Work to complete:
In the copy you make of the entries, no picture should appear, and every word must match.

• • • • •

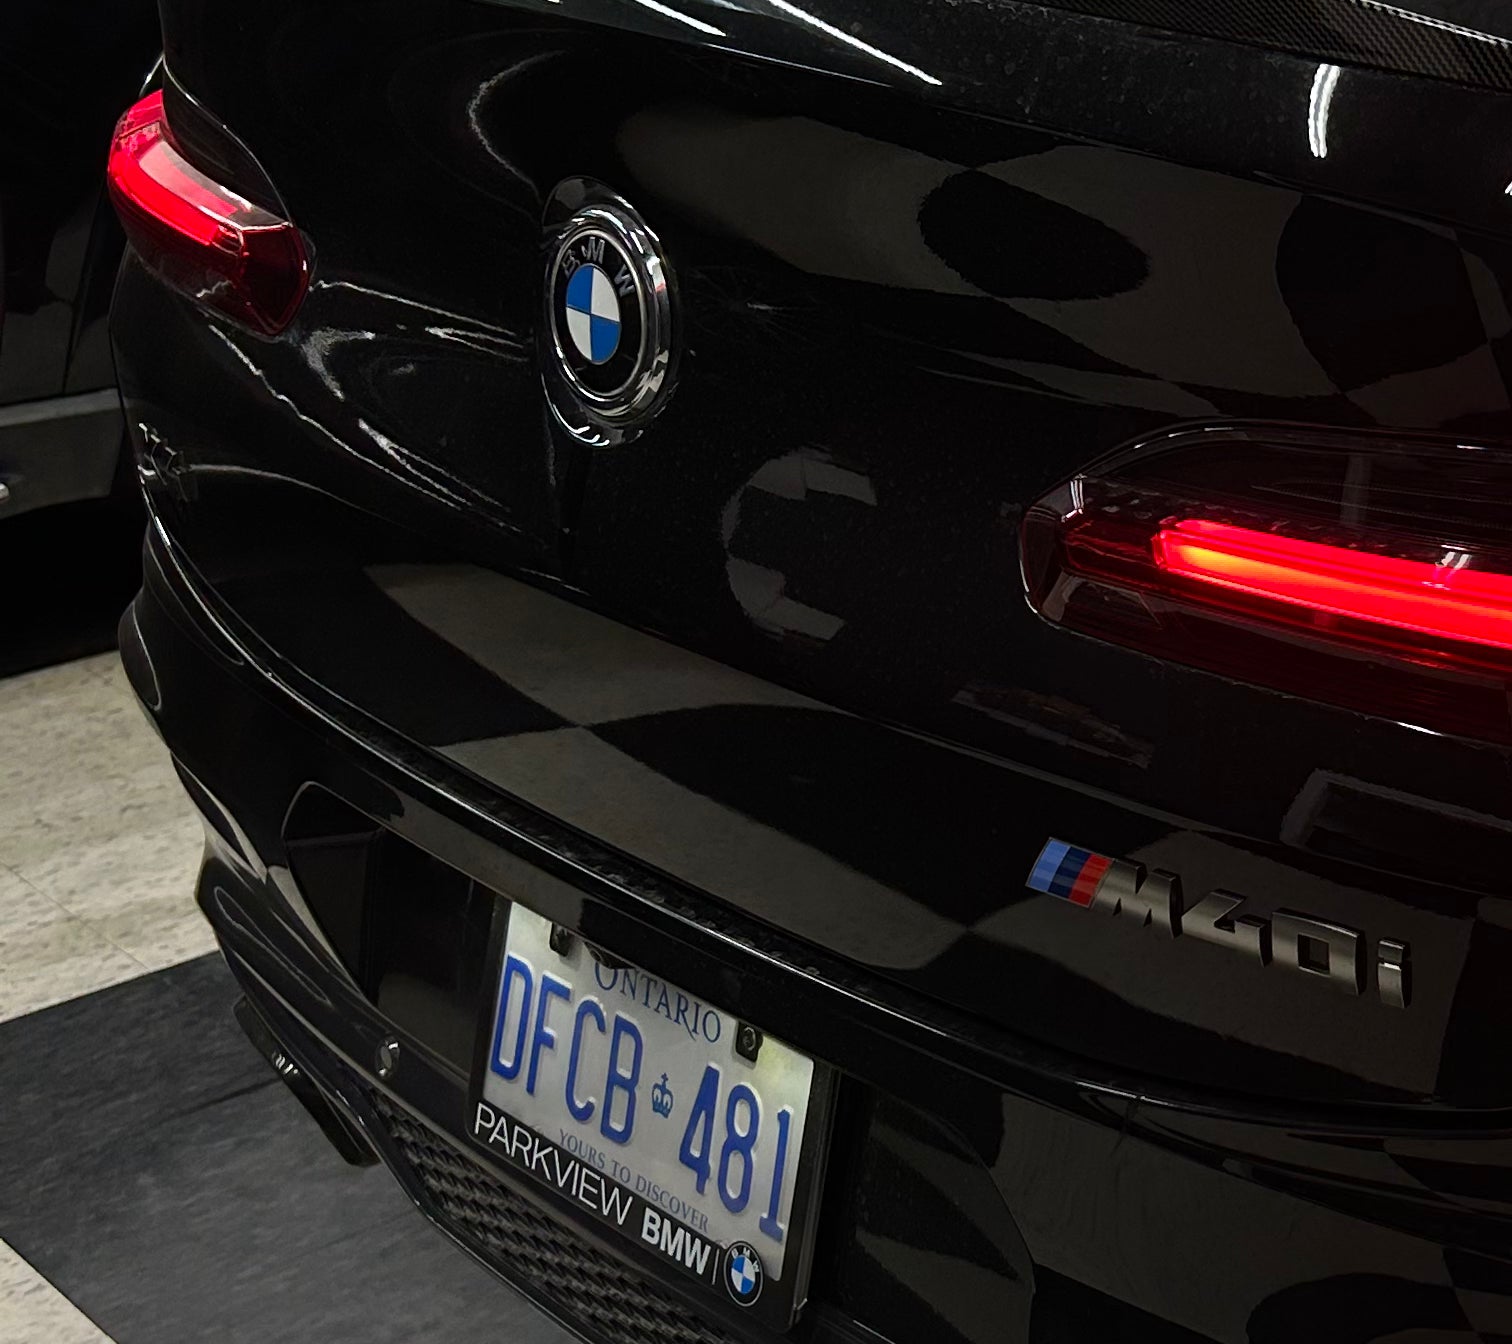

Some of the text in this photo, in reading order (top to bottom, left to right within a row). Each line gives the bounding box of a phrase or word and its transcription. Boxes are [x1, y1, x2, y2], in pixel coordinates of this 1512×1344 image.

[560, 236, 635, 298] BMW
[1096, 857, 1412, 1009] M40i
[595, 961, 720, 1043] ONTARIO
[490, 954, 791, 1242] DFCB 481
[474, 1102, 711, 1276] PARKVIEW BMW
[559, 1128, 709, 1234] YOURS TO DISCOVER
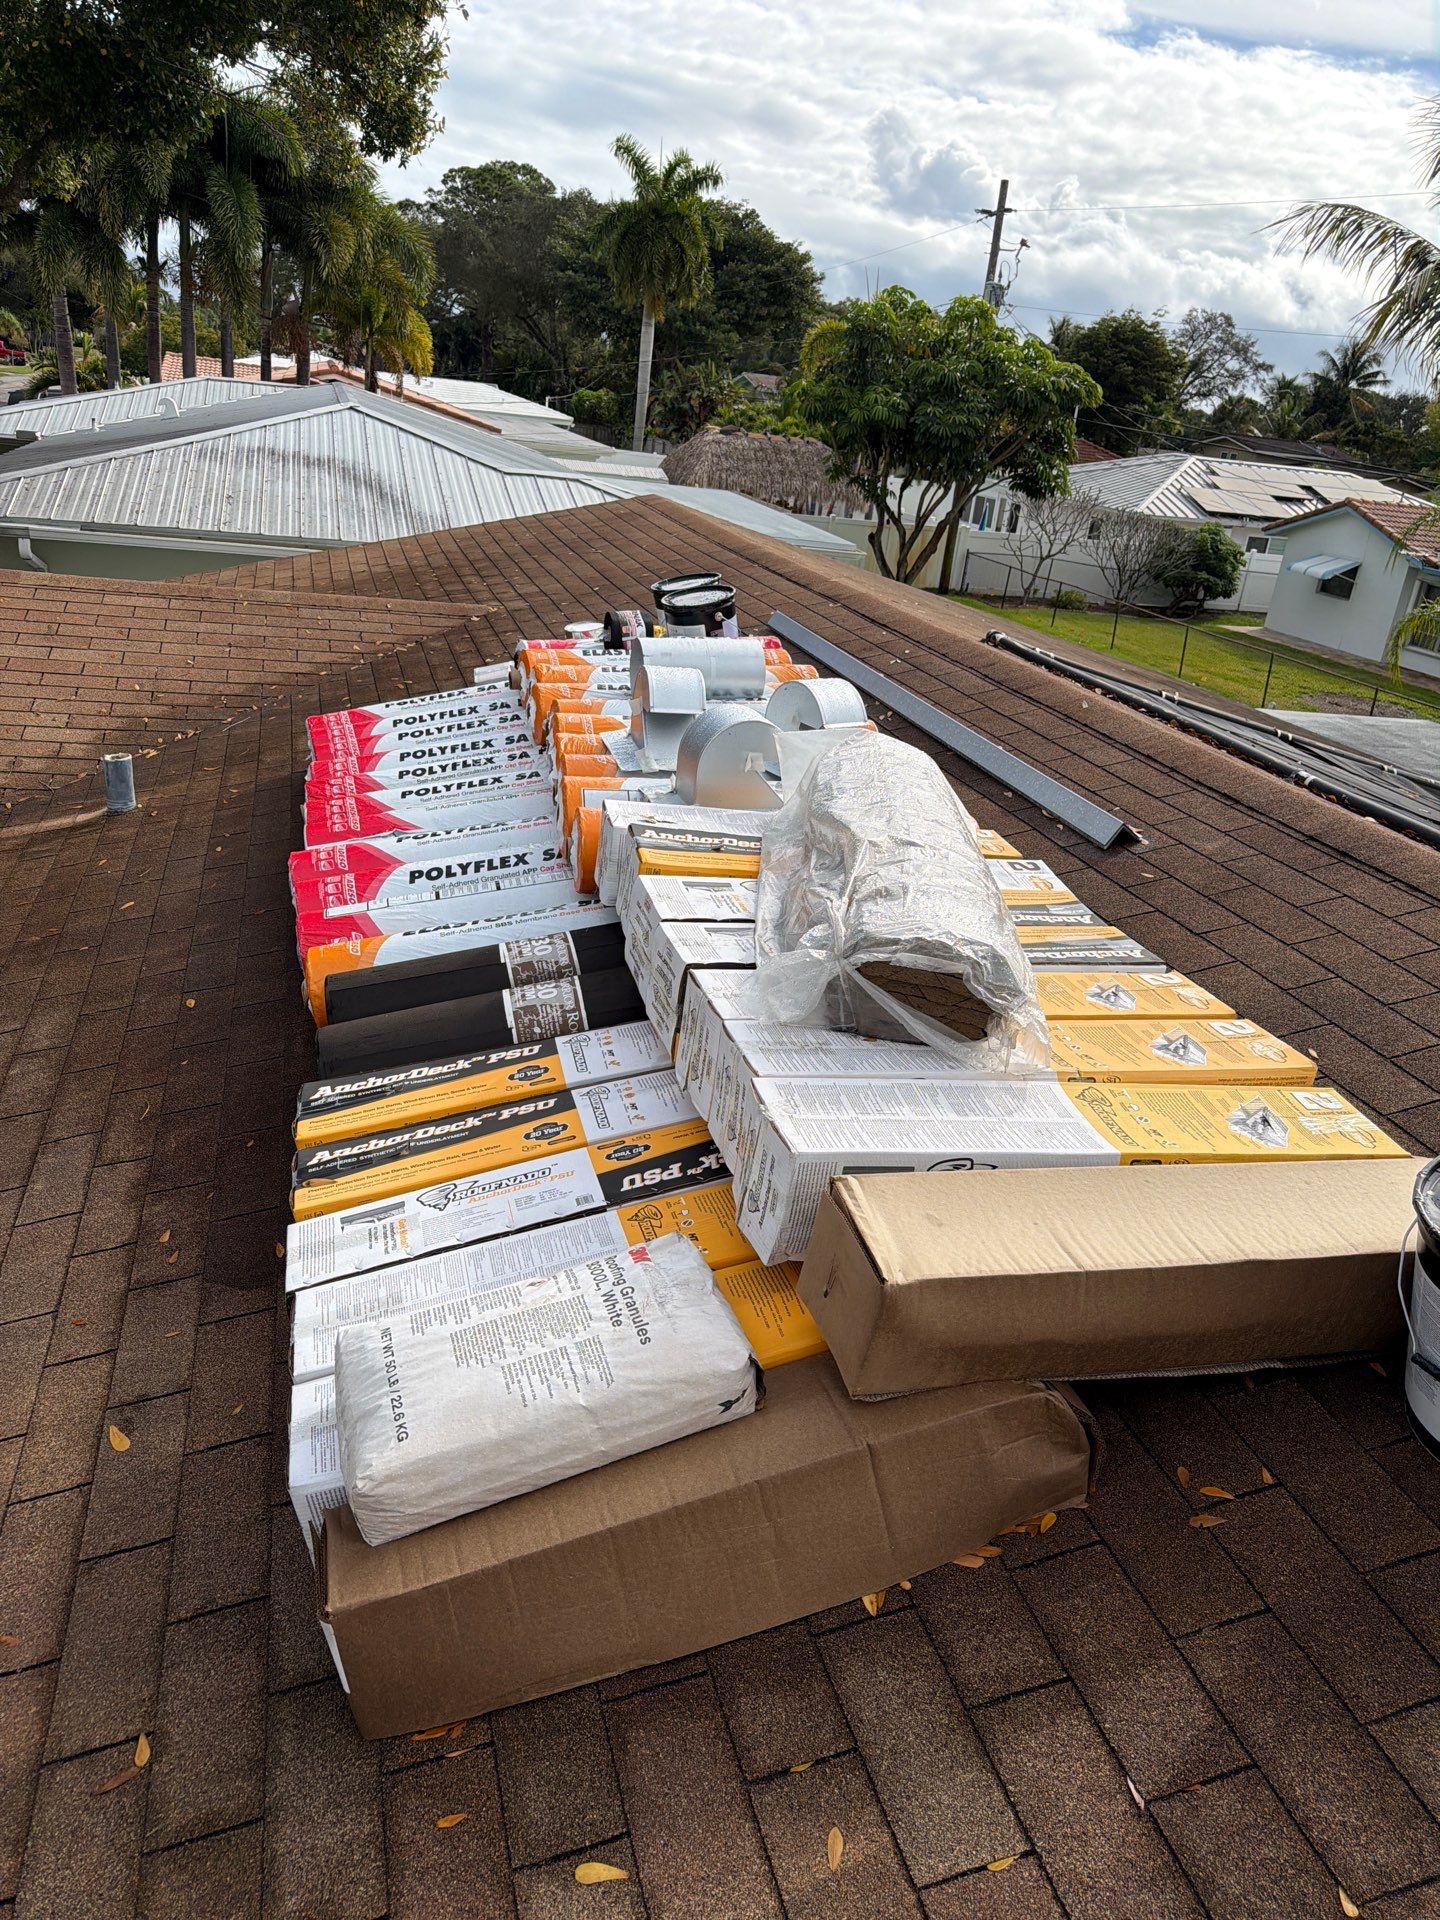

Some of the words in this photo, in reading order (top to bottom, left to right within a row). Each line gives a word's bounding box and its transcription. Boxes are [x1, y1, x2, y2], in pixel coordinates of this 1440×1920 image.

[393, 705, 479, 727] POLYFLEX
[489, 702, 511, 712] SA
[398, 719, 489, 740] POLYFLEX
[498, 713, 522, 723] SA
[399, 738, 494, 762] POLYFLEX
[505, 733, 529, 745] SA
[398, 756, 496, 779] POLYFLEX
[507, 751, 530, 761] SA
[401, 776, 503, 799] POLYFLEX
[515, 771, 541, 781] SA
[409, 852, 530, 884] POLYFLEX
[480, 871, 520, 885] Granulated
[522, 868, 538, 876] APP
[487, 1045, 542, 1064] PSU
[411, 1073, 459, 1084] UNDERLAYMENT
[514, 1072, 525, 1080] 20
[525, 1067, 545, 1076] Year
[498, 1098, 557, 1120] PSU
[529, 1131, 541, 1140] 20
[541, 1125, 564, 1135] Year
[359, 1148, 396, 1161] SYNTHETIC
[416, 1132, 469, 1146] UNDERLAYMENT
[550, 1170, 575, 1181] PSU
[621, 1162, 683, 1192] PSU
[628, 1247, 652, 1264] 3M
[601, 1290, 623, 1327] White
[620, 1286, 651, 1345] Granules
[381, 1327, 392, 1343] NET
[382, 1343, 394, 1359] WT
[385, 1359, 397, 1373] 50
[388, 1373, 399, 1388] LB
[391, 1395, 405, 1422] 22.6
[395, 1422, 409, 1443] KG
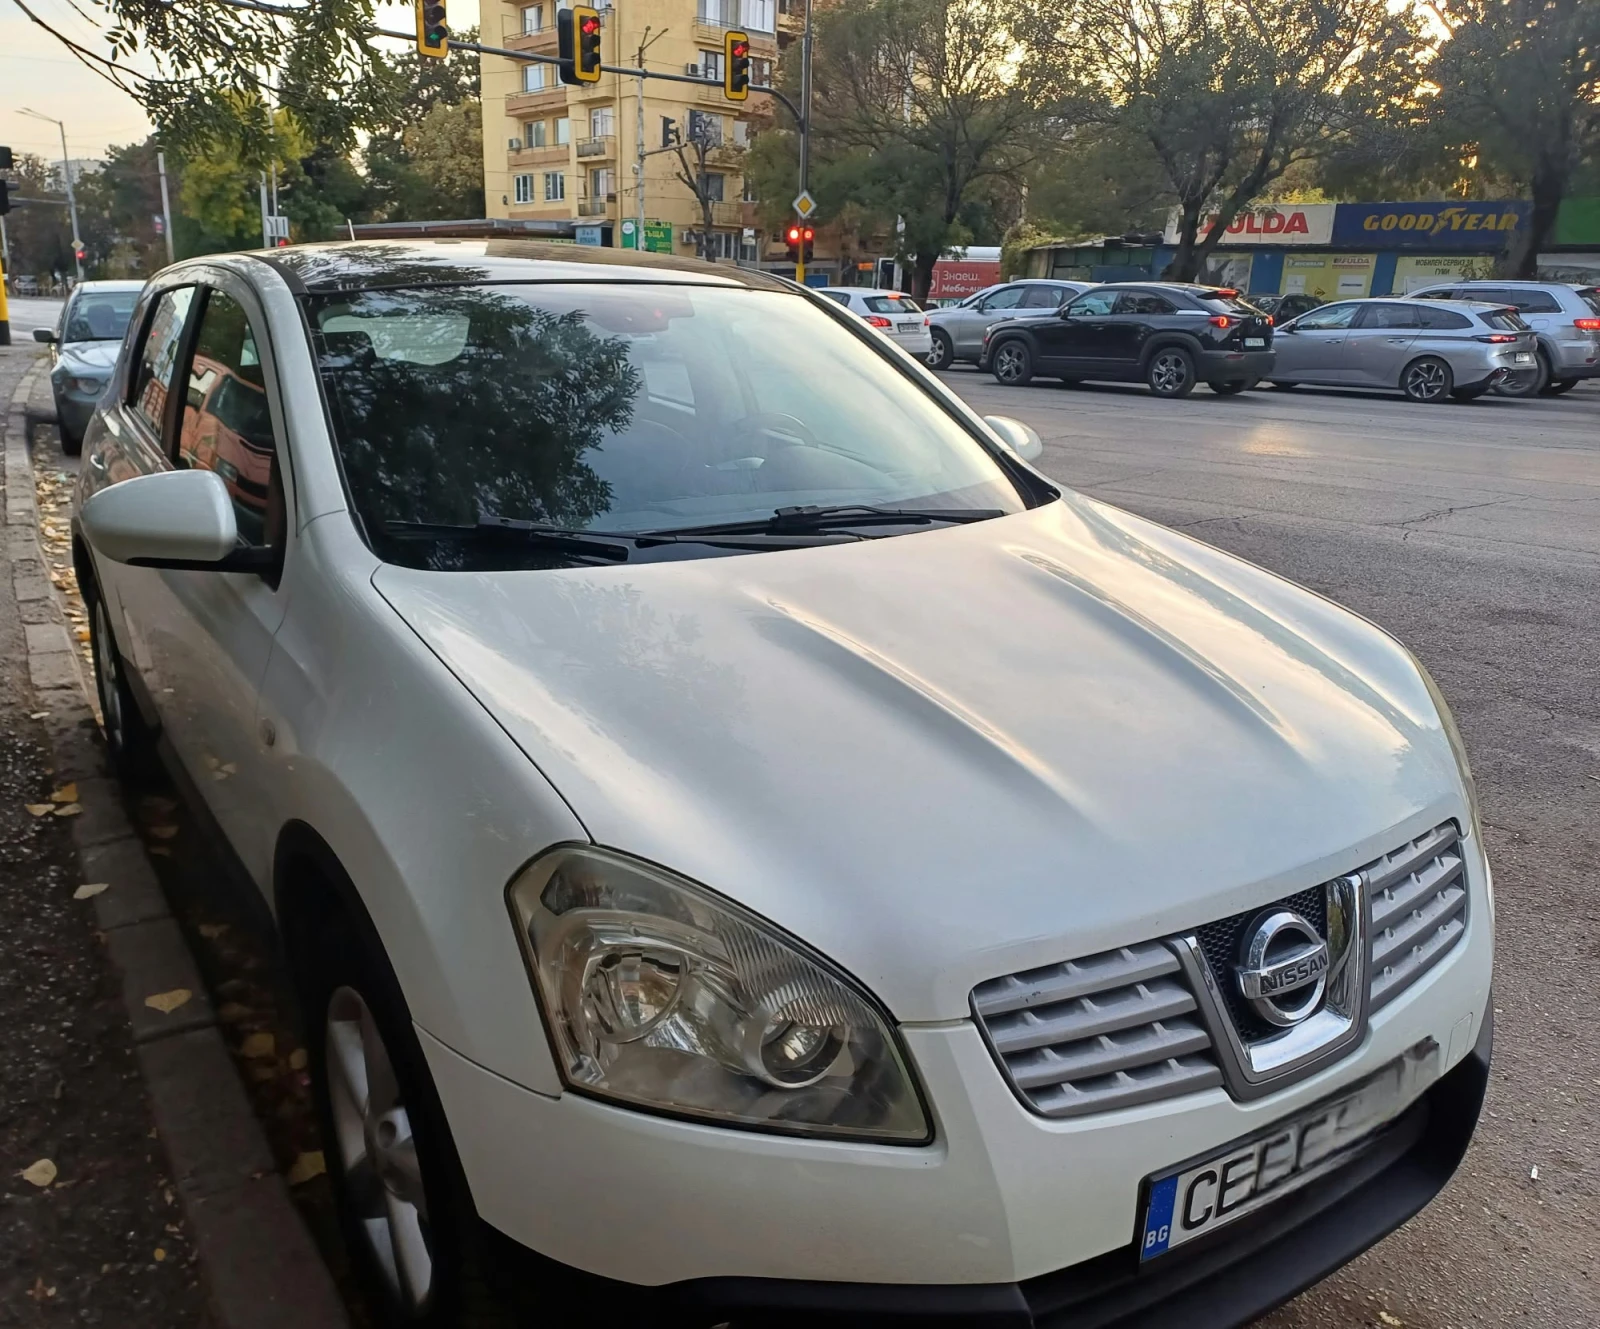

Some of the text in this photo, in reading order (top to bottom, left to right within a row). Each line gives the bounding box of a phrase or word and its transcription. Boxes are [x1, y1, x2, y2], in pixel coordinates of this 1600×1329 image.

• • • • •

Your solution:
Some of the text in this photo, in reading order (top to bottom, left to right within a row). Each line gives the bounding box of a phrase or word and its transcription. Boxes are [x1, y1, x2, y2], in pixel coordinates of this 1512×1344 image.

[560, 236, 635, 298] BMW
[1096, 857, 1412, 1009] M40i
[595, 961, 720, 1043] ONTARIO
[490, 954, 791, 1242] DFCB 481
[474, 1102, 711, 1276] PARKVIEW BMW
[559, 1128, 709, 1234] YOURS TO DISCOVER

Some of the words in this photo, in reading order (top to bottom, left to right within a row). Each line gives a word's bounding box and its transcription. Boxes are [x1, y1, x2, y2], in pixel coordinates of this 1440×1920 image.

[393, 705, 479, 727] POLYFLEX
[489, 702, 511, 712] SA
[398, 719, 489, 740] POLYFLEX
[498, 713, 522, 723] SA
[399, 738, 494, 762] POLYFLEX
[505, 733, 529, 745] SA
[398, 756, 496, 779] POLYFLEX
[507, 751, 530, 761] SA
[401, 776, 503, 799] POLYFLEX
[515, 771, 541, 781] SA
[409, 852, 530, 884] POLYFLEX
[480, 871, 520, 885] Granulated
[522, 868, 538, 876] APP
[487, 1045, 542, 1064] PSU
[411, 1073, 459, 1084] UNDERLAYMENT
[514, 1072, 525, 1080] 20
[525, 1067, 545, 1076] Year
[498, 1098, 557, 1120] PSU
[529, 1131, 541, 1140] 20
[541, 1125, 564, 1135] Year
[359, 1148, 396, 1161] SYNTHETIC
[416, 1132, 469, 1146] UNDERLAYMENT
[550, 1170, 575, 1181] PSU
[621, 1162, 683, 1192] PSU
[628, 1247, 652, 1264] 3M
[601, 1290, 623, 1327] White
[620, 1286, 651, 1345] Granules
[381, 1327, 392, 1343] NET
[382, 1343, 394, 1359] WT
[385, 1359, 397, 1373] 50
[388, 1373, 399, 1388] LB
[391, 1395, 405, 1422] 22.6
[395, 1422, 409, 1443] KG

Some of the text in this photo, in reading order (top to bottom, left to right within a row). Each line gives the bounding box of a phrase or word and its transcription. Boxes are [x1, y1, x2, y2], in pixel coordinates of this 1600×1329 image.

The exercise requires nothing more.